見出し画像

出雲街道とオシドリ

                  

山陰を旅したいと聞くとついつい頬が緩む。山陰へのルートは、東京からなら、早くて楽のは当然飛行機。一時間二十分ほど。関西ならJRか高速バスは、料金も安いし乗り換えもない。もちろん愛車でドライブならきっと楽しいと思う。名神から中国道、米子道と高速道路が繋がっている。

 今のように選択肢が少ない時代はいったいどうやって来られたのか、とふと思い、こちらで話題の出雲街道跡が残る中国山地の山間の町、根雨(ねう)、出雲街道の宿場町を訪ねた。

 鎌倉時代末期の14世紀に隠岐島に配流された後醍醐天皇がこの出雲街道を通られたらしい。らしい、というのは文献などにどんなルートで隠岐まで行ったのか記載がないから。反対に隠岐から脱出して山陰海岸に上陸したのは御来屋(みくりや)ではないかとか、上陸後、最初にここの石に腰掛けた、ここにはお手つきのお姫様がおられた、と脱出後90日も山陰の伯耆の国にご滞在だったので、記述がたくさんある。そりゃそうですね。失意の隠岐行きとこれから京都に攻め上るという上昇機運のときとでは取り巻きの顔ぶれも気合も違うのですから。それに今だって犯罪者が、拘置所から裁判所に護送されるルートは明かされないことを考え合わせると、出雲街道の根雨を通って山陰のどこかの港までたどり着き、隠岐への船にのったかなど記述が残るはずもない。しかし、観光資源を掘り起こすには、「ここを通過したのではないか」という話はロマンもあってよさそうだ。

小雨が降っていたが、街道を散策すると街道筋の商店にはそろいの暖簾がかけられいいムード。地元密着の銀行さんの支店にもちゃんとかけてあった。

 でもねえ・・・この出雲街道を舞台にして、ちょうど“木曽路は全て山の中にある~”というような小説があるといいんだけれど見当たらない。(鳥取県のそれも中国山地の街道といってもよほど日本中世史に興味をもっていないと理解して頂けない)小説にはヨン様ばりのイケメンが登場し、町おこしのために奔走しもちろん美しいヒロインも出てきて、最後はめでたしめでたしになるといいんだけれど、なあんて想像しながらほっつき歩く。

 実際の風景は残念ながら、山は深くこの先、海までまだ相当の距離がありそう、と意気なえてしまいそうで、そうロマンチックではない。
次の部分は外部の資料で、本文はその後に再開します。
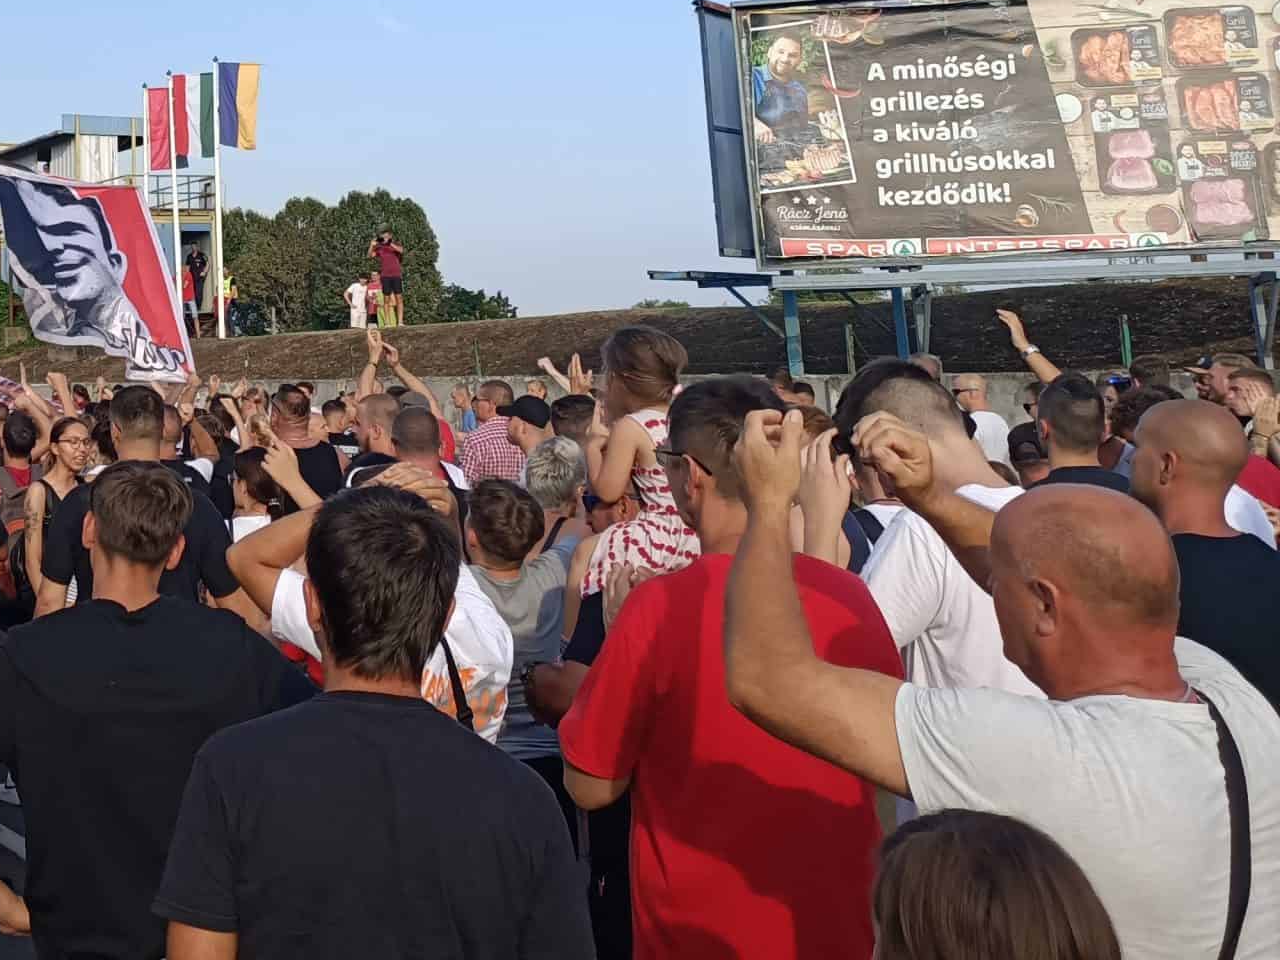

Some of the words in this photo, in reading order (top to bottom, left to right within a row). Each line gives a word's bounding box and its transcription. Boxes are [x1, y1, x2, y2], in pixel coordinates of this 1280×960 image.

[868, 62, 886, 81] A
[892, 54, 1016, 81] minőségi
[870, 88, 985, 117] grillezés
[873, 127, 889, 143] a
[895, 120, 978, 142] kiváló
[875, 148, 1056, 179] grillhúsokkal
[878, 182, 1012, 206] kezdődik!
[805, 242, 888, 257] SPAR
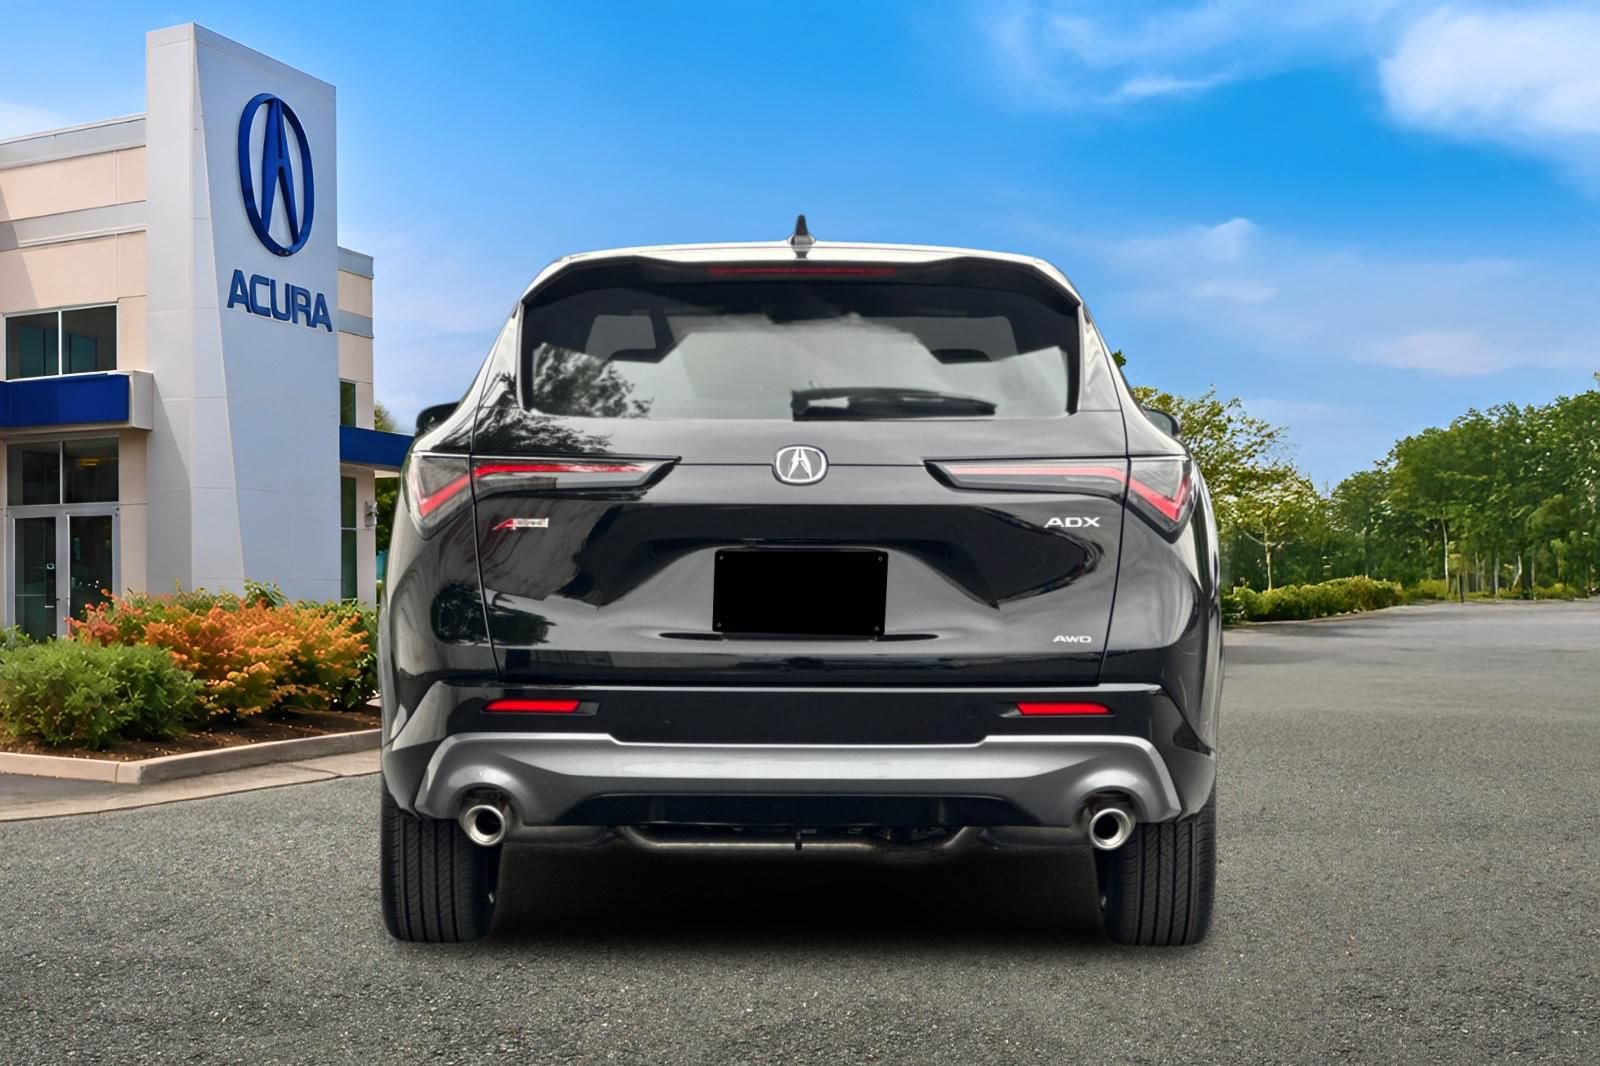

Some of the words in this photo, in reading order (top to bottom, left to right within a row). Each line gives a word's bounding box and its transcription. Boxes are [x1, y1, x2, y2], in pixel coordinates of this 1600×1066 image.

もしも後醍醐天皇がここを護送されたなら、何とも淋しいお気持ちになられたと思う。散策MAPを見ながらキョロキョロと歩いているうち、おなかも空いてきてお蕎麦さんに入ったら、地元産のそば粉を使う手打ちそばを出してくれた。これが絶品。後醍醐天皇も召し上がったお蕎麦とは書いていないが、後醍醐天皇にも差し上げたかったお蕎麦と表現するなら、いい“かも”しれないと、食べたのは“鴨”南蛮けど。何も小説だけが町おこしの材料ではなく、美味しいものは旅には魅力的よね、と独り言を言いながら、ツルツル。

 この先どうなるのと不安を募らせて隠岐までの行程を踏んだのではなく、再起するぞと念じながらこの根雨を通過されたなら、後醍醐天皇は大変な意志の持ち主だと思う。天皇という地位で保元・平治の乱などご存知だったら讃岐に流された崇徳上皇もその地で亡くなったし、承久の乱の後鳥羽上皇も隠岐で失意のうちに生涯を終えていることを後醍醐天皇は知っておられたのではないか。ちょっと思い出してみると配流後、リベンジを果たした人は佐渡に流された親鸞聖人が思い浮かぶくらいだ。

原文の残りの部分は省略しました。